3.19 In view of above, in my view when the statutory provisions are clear and unambiguous, one

may not succeed at higher appellate authority based on the contention of “intention” of the

statutory provisions. Hence, in my view, the Hon’ble ITAT’s view of non-applicability of

transfer pricing provisions to assessee when there is no “intent/ motive” to shift profit

outside India may face review by higher appellate authority in coming time. However, till

then this captioned ruling is surely helpful and may turn out to be savior for many tax

payers.

4. Summarizing:

4.1 The ruling of Hon’ble Hyderabad ITAT in the case of IIJM India Infrastructure Ltd. (supra) has

given certain new dimensions to the interpretation of practical scenarios and hence

important.

This is the remarkable ruling wherein the PE of the operating foreign company

(unlike Bank of China, where cases were far from comparable) is held as “resident”.

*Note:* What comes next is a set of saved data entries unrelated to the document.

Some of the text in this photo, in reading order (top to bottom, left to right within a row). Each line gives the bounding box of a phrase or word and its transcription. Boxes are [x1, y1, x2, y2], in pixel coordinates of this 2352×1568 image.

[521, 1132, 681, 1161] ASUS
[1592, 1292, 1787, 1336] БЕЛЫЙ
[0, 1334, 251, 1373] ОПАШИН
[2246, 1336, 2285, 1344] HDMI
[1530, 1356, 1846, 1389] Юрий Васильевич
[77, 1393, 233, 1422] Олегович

However, in my personal opinion, Hon’ble ITAT’s view on certain facts and

characteristics of operations (which are common for execution of such EPC

contracts) of PE could have made some difference.

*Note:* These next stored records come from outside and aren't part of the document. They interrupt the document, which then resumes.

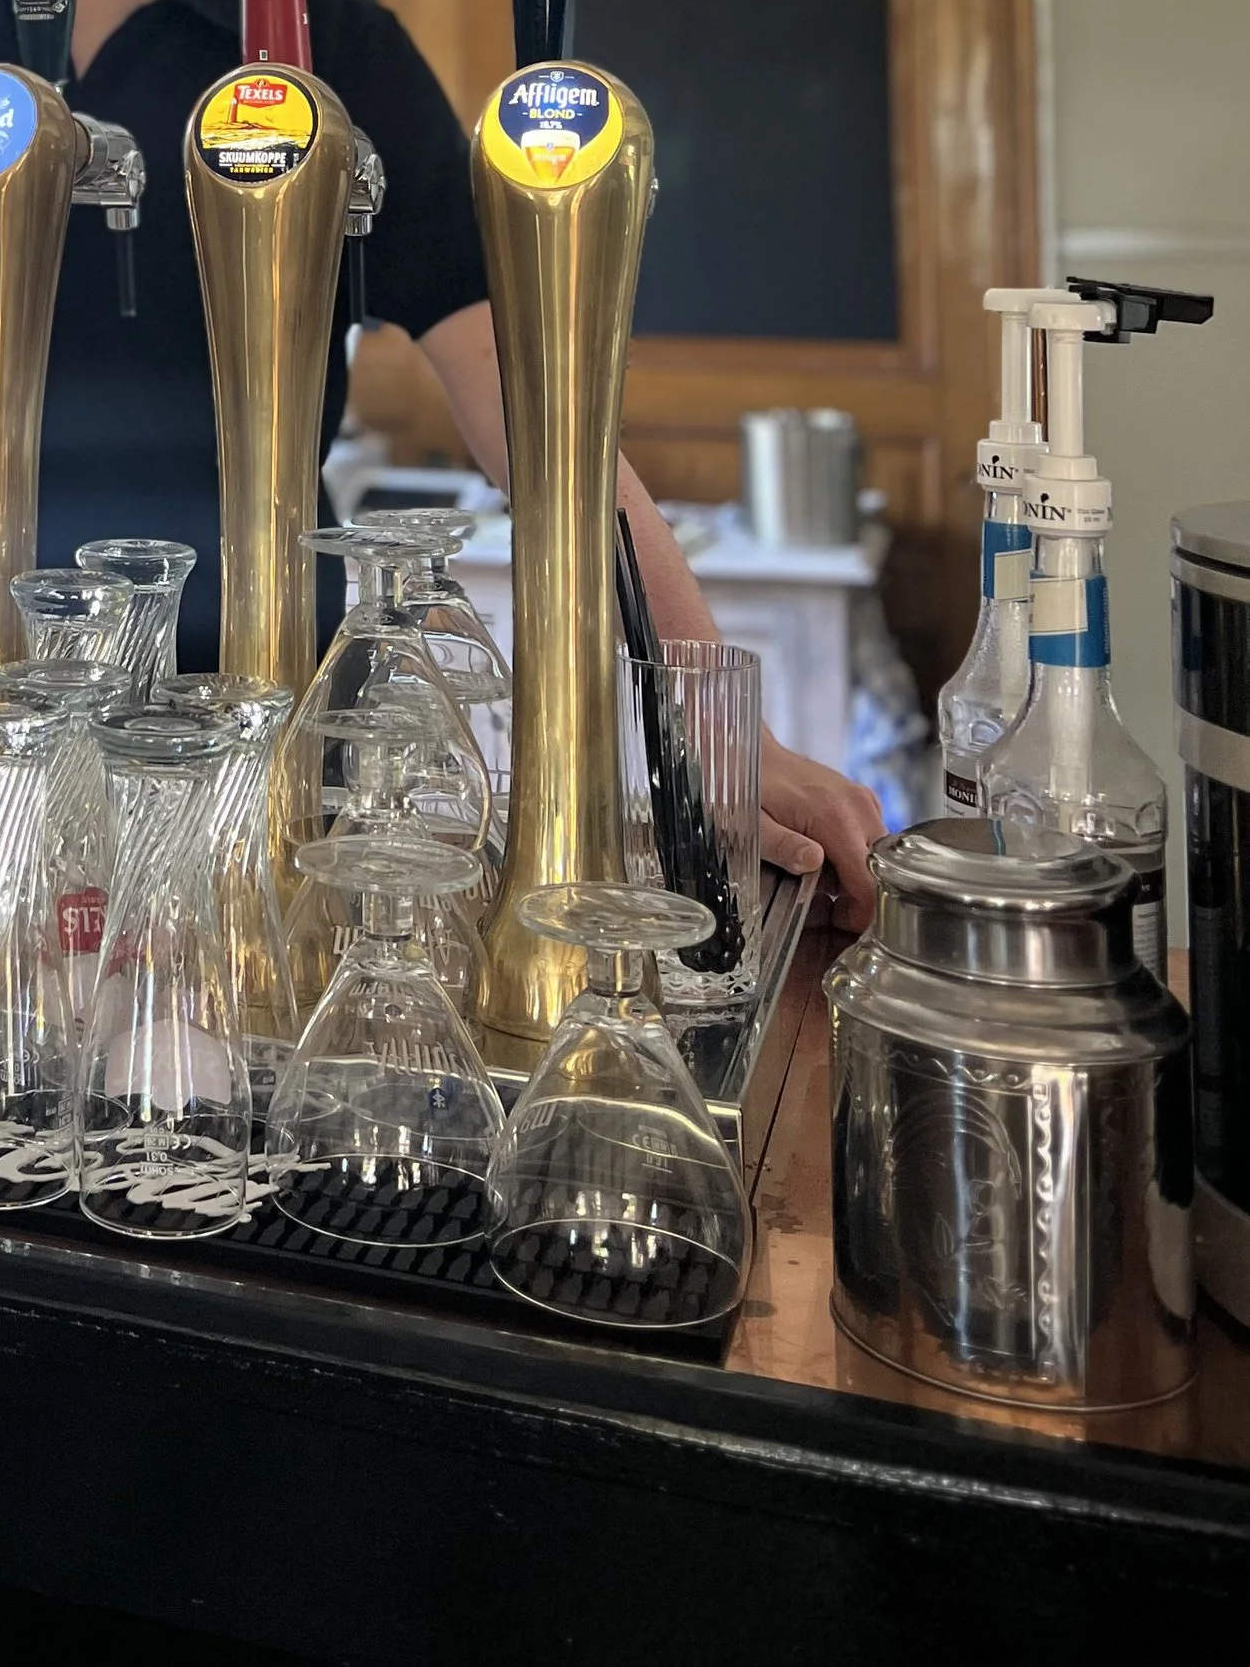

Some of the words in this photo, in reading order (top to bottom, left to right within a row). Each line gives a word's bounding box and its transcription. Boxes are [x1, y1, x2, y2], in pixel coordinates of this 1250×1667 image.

[237, 85, 284, 101] TEXELS
[508, 82, 600, 109] Affligem
[528, 108, 576, 120] BLOND
[218, 151, 287, 164] SKUUMKOPPE
[978, 455, 1016, 480] NIN
[1022, 492, 1067, 521] NIN

In this ruling Hon’ble ITAT has held that “residence” can also be considered as one of

the ground on which tax payer can ask for relief under “Non-discrimination” under

DTAA. Considering the cascading effect of the said interpretation, one can assume

that this ruling of the Hon’ble Hyderabad ITAT is going to be savior for many tax

payers in coming days.

This ruling is remarkable when the Hon’ble ITAT has applied principle of “intention

to shift profit OUTSIDE India” in cases where tax payer is not eligible for any income

linked deductions (as cases laws relied upon by the tax payer in support of this

argument were on different facts and circumstances as compared to the facts of the

tax payer. Assessee in respective cases, as relied upon by Assessee Company, were

eligible and claiming income linked deduction in those cases). Further, filing of

return of income in India has been given cognizance which will be very significant

aspect as Hon’ble ITAT has done away with the normally perceived “erosion of tax

base” due to differential tax rate of 40% as against 30% in this case.

In view of above summarized points, the captioned ruling of the Hon’ble Hyderabad ITAT ruling will

have far reaching impact and considering the fact of the ruling being in favour of tax payer, we may

see more reliance on this captioned ruling in time to come by other tax payers too.